Resurge la danza de Oko Etze después de 20 años

Ramiro Gómez / Corresponsal Diario de Chiapas

Chiapa de Corzo, Chiapas.- Este sábado, bajo el intenso sol de las tres de la tarde, la comunidad zoque de Nuevo Carmen Tonapac de Chiapa de Corzo, se llenó de vida y color con el resurgimiento de una tradición ancestral: La danza de Oko Etze, al español se traduce como la danza de la Abuela. Después de 20 años de silencio, los músicos y danzantes, liderados por el joven Francisco Sánchez, salieron de su hogar para dar inicio a la Cuaresma, una festividad que aunque olvidada por años, ha encontrado un nuevo aliento gracias a la pasión de un grupo de jóvenes organizadores y el apoyo de los sabios de la comunidad.

Pedro Gómez Gómez, habitante de Nuevo Carmen Tonapac y profundo conocedor de la cultura zoque, compartió con entusiasmo la historia detrás de esta danza.

“Es un ritual que simboliza el bien y el mal, donde personajes como el rayo, el pájaro de mal augurio, el duende, el tigre, viento, venado y los labradores juegan papeles fundamentales”, explicó.

En la representación, los labradores buscan la miel que es esencial para la celebración de la Cuaresma, pero se encuentran con el duende, quien los desvía de su camino, un símbolo de las tentaciones que enfrentan en la vida.

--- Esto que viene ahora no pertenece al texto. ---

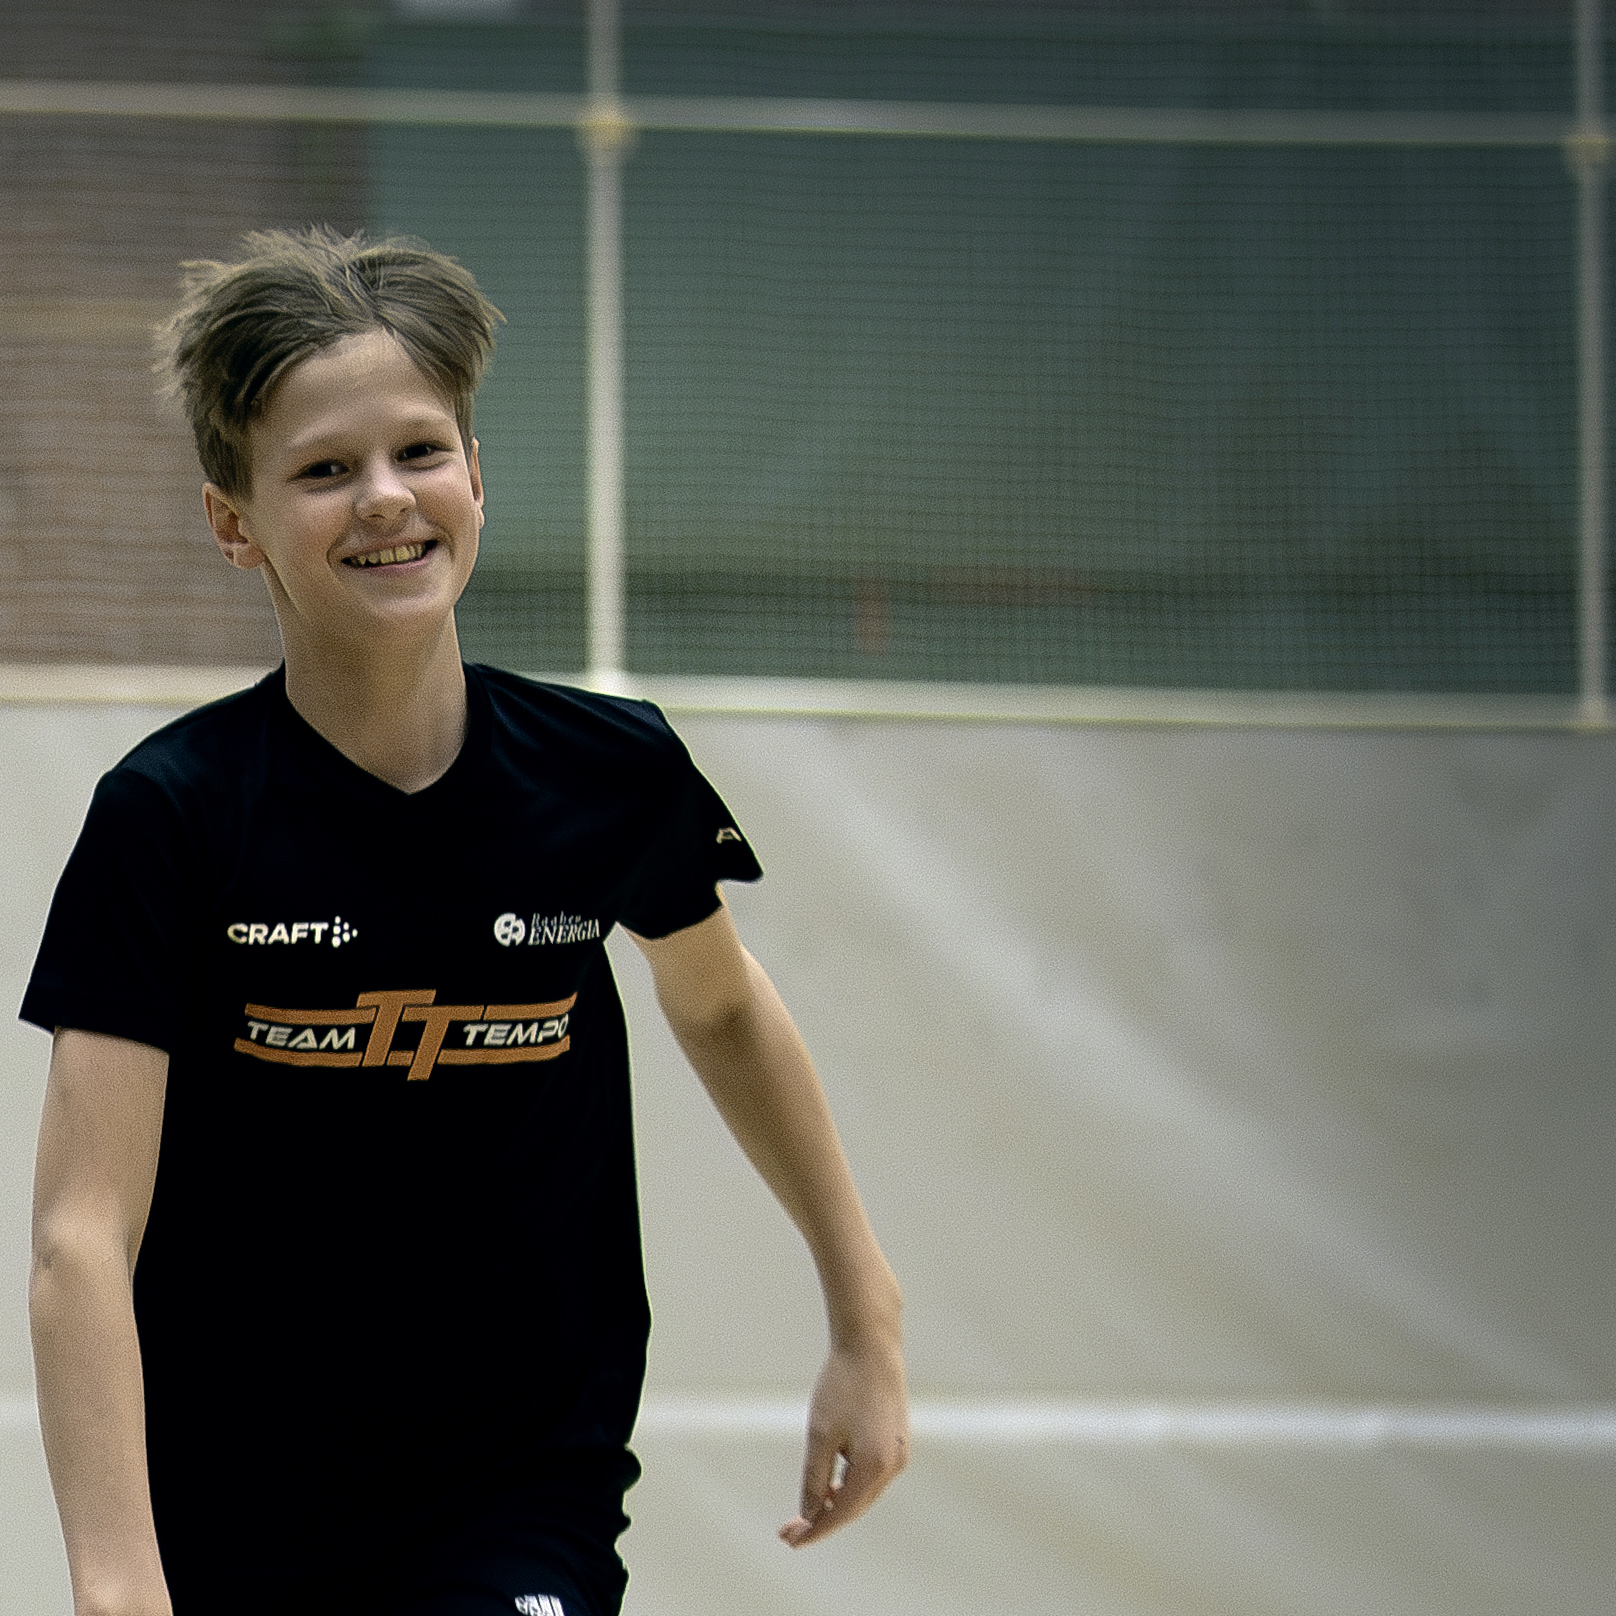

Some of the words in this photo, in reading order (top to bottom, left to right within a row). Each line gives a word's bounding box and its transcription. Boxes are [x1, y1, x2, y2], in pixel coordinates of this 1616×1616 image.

[227, 922, 329, 945] CRAFT
[247, 1021, 356, 1050] TEAM
[463, 1013, 569, 1046] TEMPO
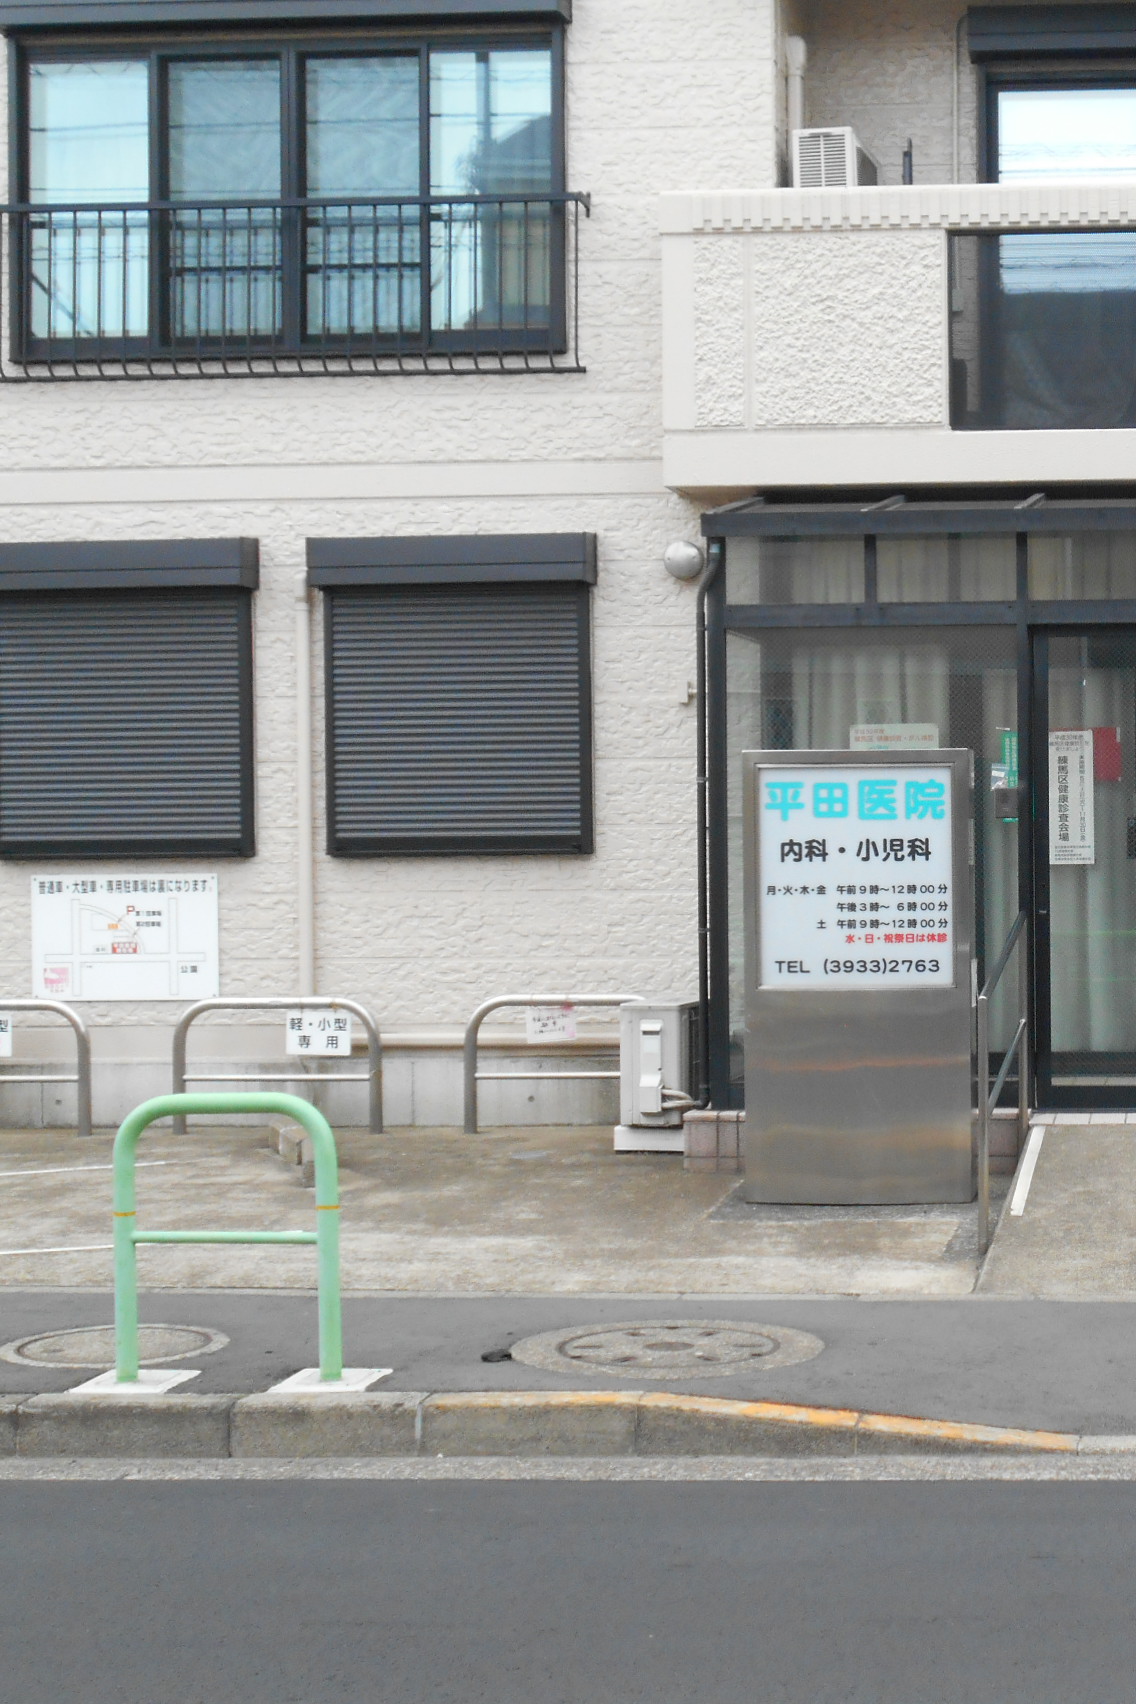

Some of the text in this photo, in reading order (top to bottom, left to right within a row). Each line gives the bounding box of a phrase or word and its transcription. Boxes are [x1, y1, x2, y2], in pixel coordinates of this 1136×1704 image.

[764, 778, 946, 822] 平田医院
[1057, 755, 1069, 841] 練馬区健康診査会場
[780, 837, 932, 863] 内科・小児科
[766, 885, 827, 896] 月・火・木・金
[816, 919, 827, 929] 土
[845, 933, 948, 944] 水・日・祝祭日は休診
[775, 958, 941, 975] TEL (3933)2763
[289, 1017, 347, 1032] 軽・小型
[298, 1035, 338, 1048] 専用
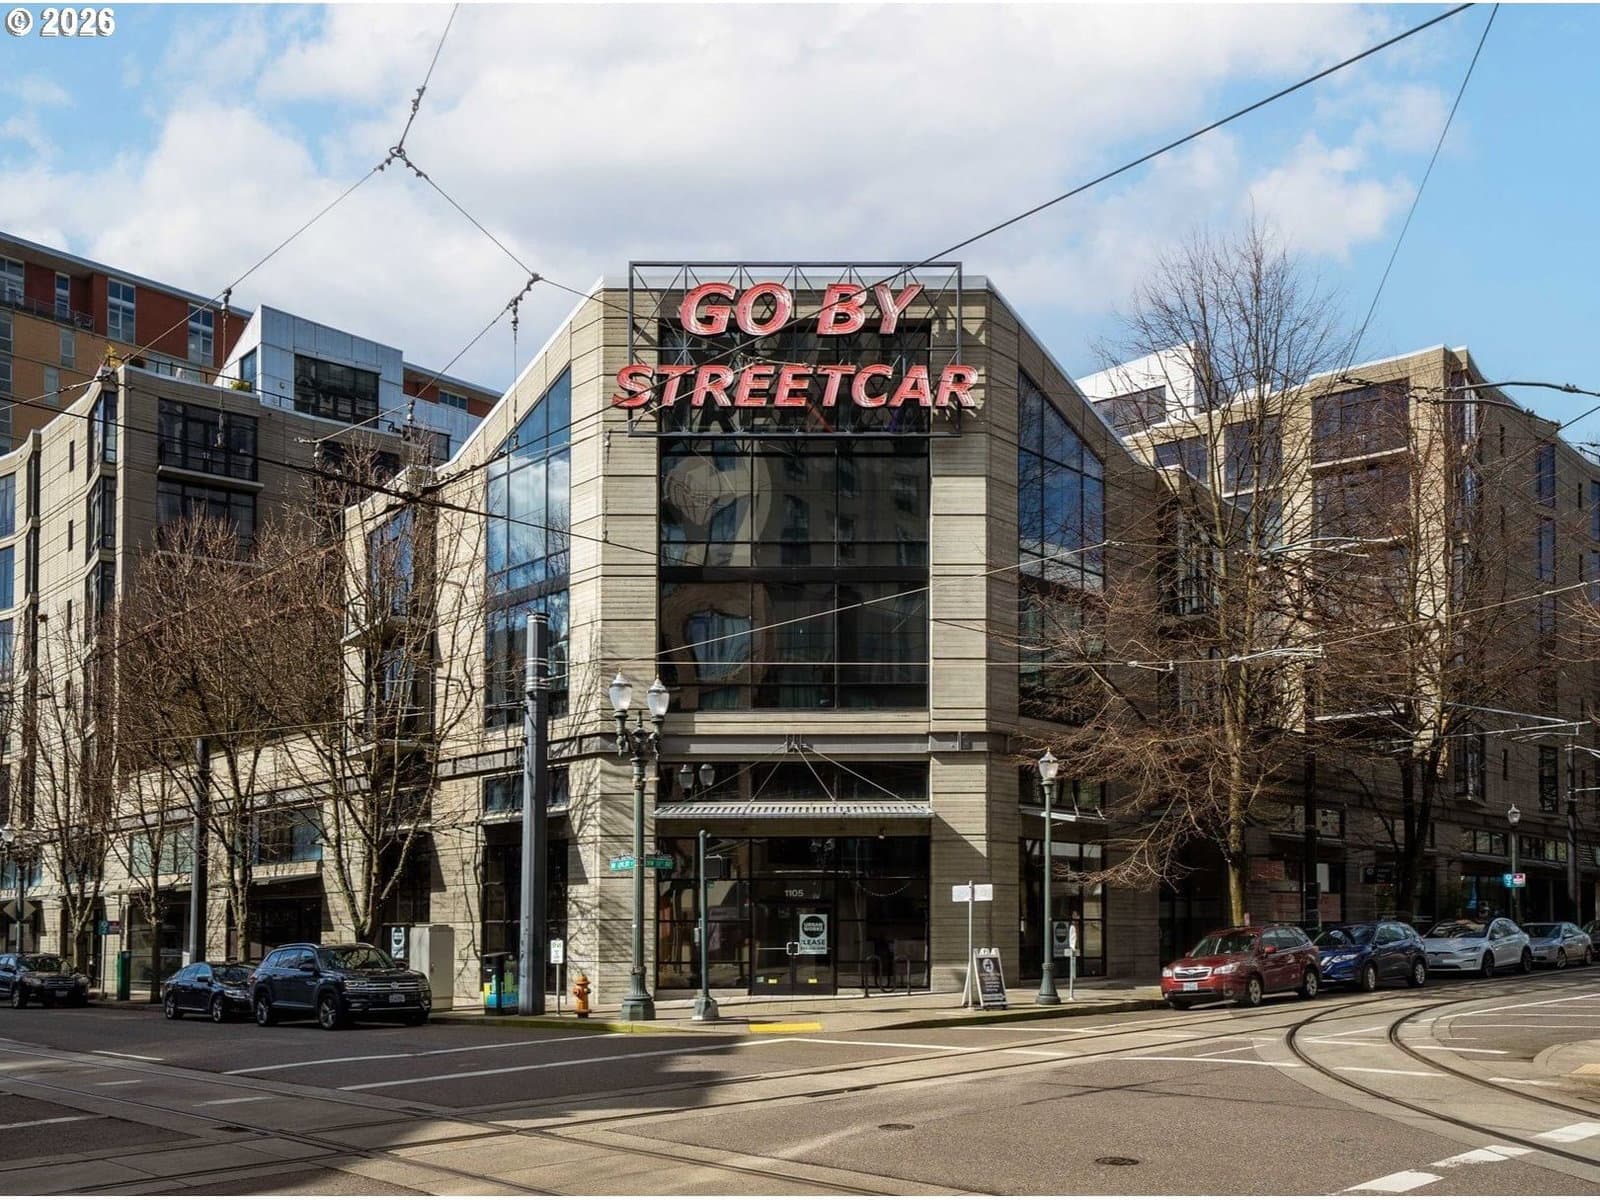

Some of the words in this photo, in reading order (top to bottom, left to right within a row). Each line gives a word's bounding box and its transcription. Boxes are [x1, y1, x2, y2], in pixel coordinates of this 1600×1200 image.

[680, 282, 793, 336] GO
[816, 282, 926, 335] BY
[612, 364, 980, 409] STREETCAR
[784, 889, 804, 897] 1105

La miel, elemento central de esta festividad, no es solo un manjar, sino un símbolo de abundancia que debe ser recolectado antes de la Cuaresma, periodo en el que está prohibido salir al monte a recolectar alimentos. “La miel es un regalo de la montaña, un alimento sagrado que debe ser preparado con antelación”, destacó Gómez. Durante este tiempo, el cuidado de las abuelas y la protección de la comunidad son esenciales, ya que se cree que los hombres son los encargados de buscar este tesoro natural mientras las mujeres se quedan en casa.

La figura del pájaro de mal augurio, según Gómez, es un recordatorio de la fragilidad de la vida. “Anuncia la muerte o el peligro, y su canto es un aviso para que cuidemos a nuestros seres queridos”, subrayó, revelando la conexión profunda que la comunidad tiene con la naturaleza y sus elementos.

El renacer de la danza de Oko Etze no solo revive tradiciones, sino que también une a las generaciones.
Alrededor del atrio de la iglesia de la comunidad donde se presentó esta danza, los rostros de los jóvenes danzantes reflejan un orgullo renovado por sus raíces culturales.

“Es nuestra forma de recordar y honrar a nuestros ancestros”, afirmó Gómez.

El próximo martes, la junta de festejo presentará la danza de la niña de casa en casa y culminará en la madrugada del miércoles de ceniza.

Esta manera la comunidad zoque reafirma su compromiso con sus tradiciones. En cada paso y en cada nota se siente la esperanza de que el legado cultural perdure, y que la danza, la música y la miel sigan siendo parte esencial de la vida entre los zoques de la comunidad. Así, bajo el sol radiante, no solo celebra el inicio de la Cuaresma, sino también el renacer de la identidad cultural.